◆ **Your task**
Type each record below again, with the same words.

◆ **Data section**
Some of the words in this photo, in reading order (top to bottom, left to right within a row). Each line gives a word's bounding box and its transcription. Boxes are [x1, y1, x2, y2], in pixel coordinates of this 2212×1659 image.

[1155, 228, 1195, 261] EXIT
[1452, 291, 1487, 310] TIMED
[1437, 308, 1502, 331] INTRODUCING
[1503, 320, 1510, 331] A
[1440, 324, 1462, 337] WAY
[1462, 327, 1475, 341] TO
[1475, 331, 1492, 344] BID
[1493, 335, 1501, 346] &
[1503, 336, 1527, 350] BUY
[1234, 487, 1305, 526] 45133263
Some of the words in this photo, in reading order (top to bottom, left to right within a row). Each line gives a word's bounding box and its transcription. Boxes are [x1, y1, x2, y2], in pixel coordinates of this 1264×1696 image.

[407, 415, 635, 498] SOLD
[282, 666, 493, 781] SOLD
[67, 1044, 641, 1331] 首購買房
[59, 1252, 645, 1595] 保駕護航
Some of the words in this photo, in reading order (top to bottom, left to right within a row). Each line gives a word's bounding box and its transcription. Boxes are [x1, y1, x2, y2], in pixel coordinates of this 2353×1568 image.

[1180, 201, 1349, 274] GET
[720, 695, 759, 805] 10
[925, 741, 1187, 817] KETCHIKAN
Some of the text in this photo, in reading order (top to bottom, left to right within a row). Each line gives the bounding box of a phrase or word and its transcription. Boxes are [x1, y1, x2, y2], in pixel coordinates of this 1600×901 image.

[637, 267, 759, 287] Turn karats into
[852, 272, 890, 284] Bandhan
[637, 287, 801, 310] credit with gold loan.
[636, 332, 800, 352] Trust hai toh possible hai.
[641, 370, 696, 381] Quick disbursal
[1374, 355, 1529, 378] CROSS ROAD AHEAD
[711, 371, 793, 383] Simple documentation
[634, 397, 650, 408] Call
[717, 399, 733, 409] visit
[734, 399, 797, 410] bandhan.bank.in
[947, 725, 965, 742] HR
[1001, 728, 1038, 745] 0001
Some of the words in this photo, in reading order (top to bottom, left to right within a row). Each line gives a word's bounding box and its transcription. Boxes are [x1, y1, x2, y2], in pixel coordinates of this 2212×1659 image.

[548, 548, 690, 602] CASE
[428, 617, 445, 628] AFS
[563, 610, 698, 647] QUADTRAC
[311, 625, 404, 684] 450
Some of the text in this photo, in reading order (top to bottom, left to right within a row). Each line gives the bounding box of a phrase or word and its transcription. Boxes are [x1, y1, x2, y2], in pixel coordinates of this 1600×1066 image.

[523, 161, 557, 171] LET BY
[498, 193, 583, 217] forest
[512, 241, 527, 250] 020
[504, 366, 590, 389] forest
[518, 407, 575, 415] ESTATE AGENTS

◆ **Response**
Some of the words in this photo, in reading order (top to bottom, left to right within a row). Each line gives a word's bounding box and its transcription. Boxes are [x1, y1, x2, y2], in pixel coordinates of this 2212×1659 image.

[1155, 228, 1195, 261] EXIT
[1452, 291, 1487, 310] TIMED
[1437, 308, 1502, 331] INTRODUCING
[1503, 320, 1510, 331] A
[1440, 324, 1462, 337] WAY
[1462, 327, 1475, 341] TO
[1475, 331, 1492, 344] BID
[1493, 335, 1501, 346] &
[1503, 336, 1527, 350] BUY
[1234, 487, 1305, 526] 45133263
Some of the words in this photo, in reading order (top to bottom, left to right within a row). Each line gives a word's bounding box and its transcription. Boxes are [x1, y1, x2, y2], in pixel coordinates of this 1264×1696 image.

[407, 415, 635, 498] SOLD
[282, 666, 493, 781] SOLD
[67, 1044, 641, 1331] 首購買房
[59, 1252, 645, 1595] 保駕護航
Some of the words in this photo, in reading order (top to bottom, left to right within a row). Each line gives a word's bounding box and its transcription. Boxes are [x1, y1, x2, y2], in pixel coordinates of this 2353×1568 image.

[1180, 201, 1349, 274] GET
[720, 695, 759, 805] 10
[925, 741, 1187, 817] KETCHIKAN
Some of the text in this photo, in reading order (top to bottom, left to right within a row). Each line gives the bounding box of a phrase or word and its transcription. Boxes are [x1, y1, x2, y2], in pixel coordinates of this 1600×901 image.

[637, 267, 759, 287] Turn karats into
[852, 272, 890, 284] Bandhan
[637, 287, 801, 310] credit with gold loan.
[636, 332, 800, 352] Trust hai toh possible hai.
[641, 370, 696, 381] Quick disbursal
[1374, 355, 1529, 378] CROSS ROAD AHEAD
[711, 371, 793, 383] Simple documentation
[634, 397, 650, 408] Call
[717, 399, 733, 409] visit
[734, 399, 797, 410] bandhan.bank.in
[947, 725, 965, 742] HR
[1001, 728, 1038, 745] 0001
Some of the words in this photo, in reading order (top to bottom, left to right within a row). Each line gives a word's bounding box and its transcription. Boxes are [x1, y1, x2, y2], in pixel coordinates of this 2212×1659 image.

[548, 548, 690, 602] CASE
[428, 617, 445, 628] AFS
[563, 610, 698, 647] QUADTRAC
[311, 625, 404, 684] 450
Some of the text in this photo, in reading order (top to bottom, left to right within a row). Each line gives the bounding box of a phrase or word and its transcription. Boxes are [x1, y1, x2, y2], in pixel coordinates of this 1600×1066 image.

[523, 161, 557, 171] LET BY
[498, 193, 583, 217] forest
[512, 241, 527, 250] 020
[504, 366, 590, 389] forest
[518, 407, 575, 415] ESTATE AGENTS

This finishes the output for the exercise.